• [WORK INSTRUCTIONS] Reproduce the records below exactly; no pictures.

• [DATA EXTRACT]
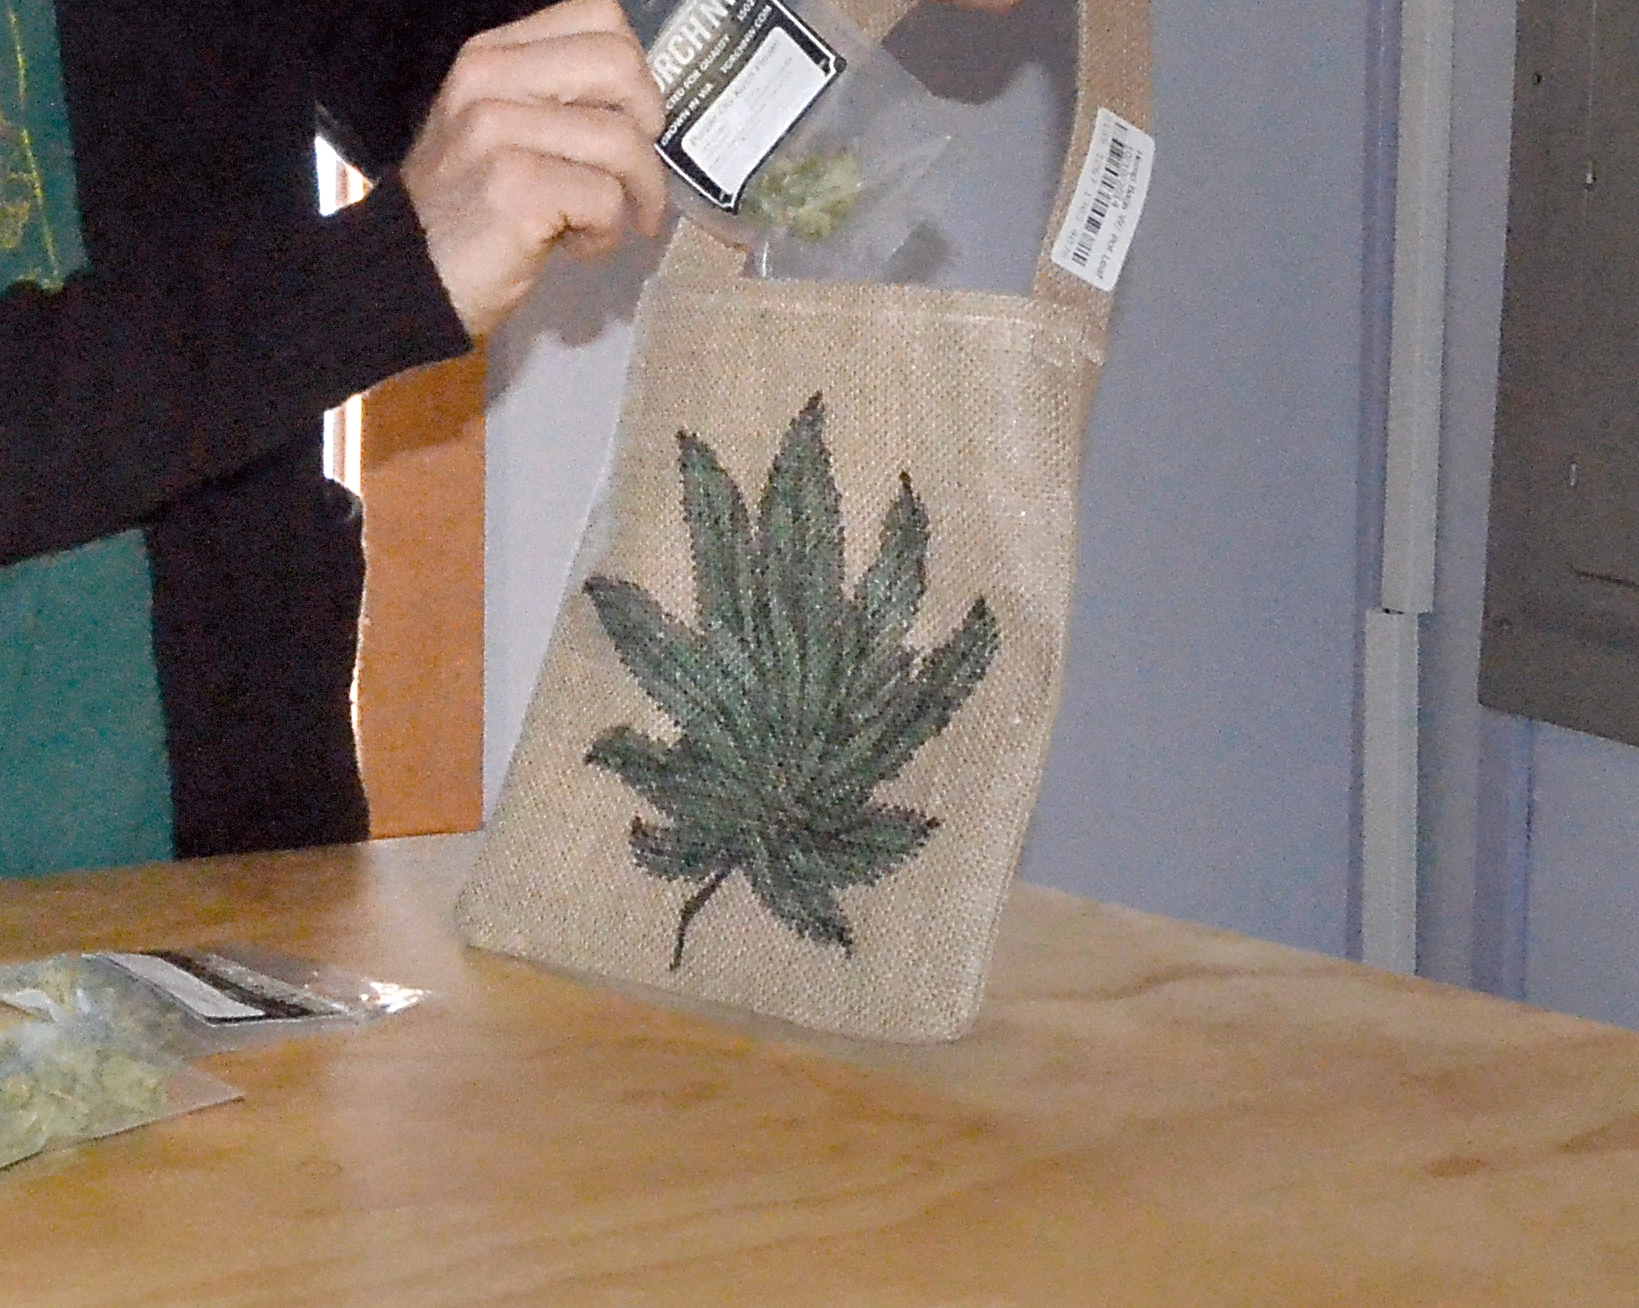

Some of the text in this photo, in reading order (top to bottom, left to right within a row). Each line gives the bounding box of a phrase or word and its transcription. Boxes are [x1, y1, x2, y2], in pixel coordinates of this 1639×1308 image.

[665, 87, 685, 112] CTED
[683, 69, 701, 89] FOR
[699, 33, 731, 71] QUALITY
[659, 109, 691, 146] GROWN
[688, 98, 700, 110] IN
[1095, 255, 1110, 279] Leaf

• [EXERCISE RESULT]
Some of the text in this photo, in reading order (top to bottom, left to right within a row). Each line gives the bounding box of a phrase or word and its transcription. Boxes are [x1, y1, x2, y2], in pixel coordinates of this 1639×1308 image.

[665, 87, 685, 112] CTED
[683, 69, 701, 89] FOR
[699, 33, 731, 71] QUALITY
[659, 109, 691, 146] GROWN
[688, 98, 700, 110] IN
[1095, 255, 1110, 279] Leaf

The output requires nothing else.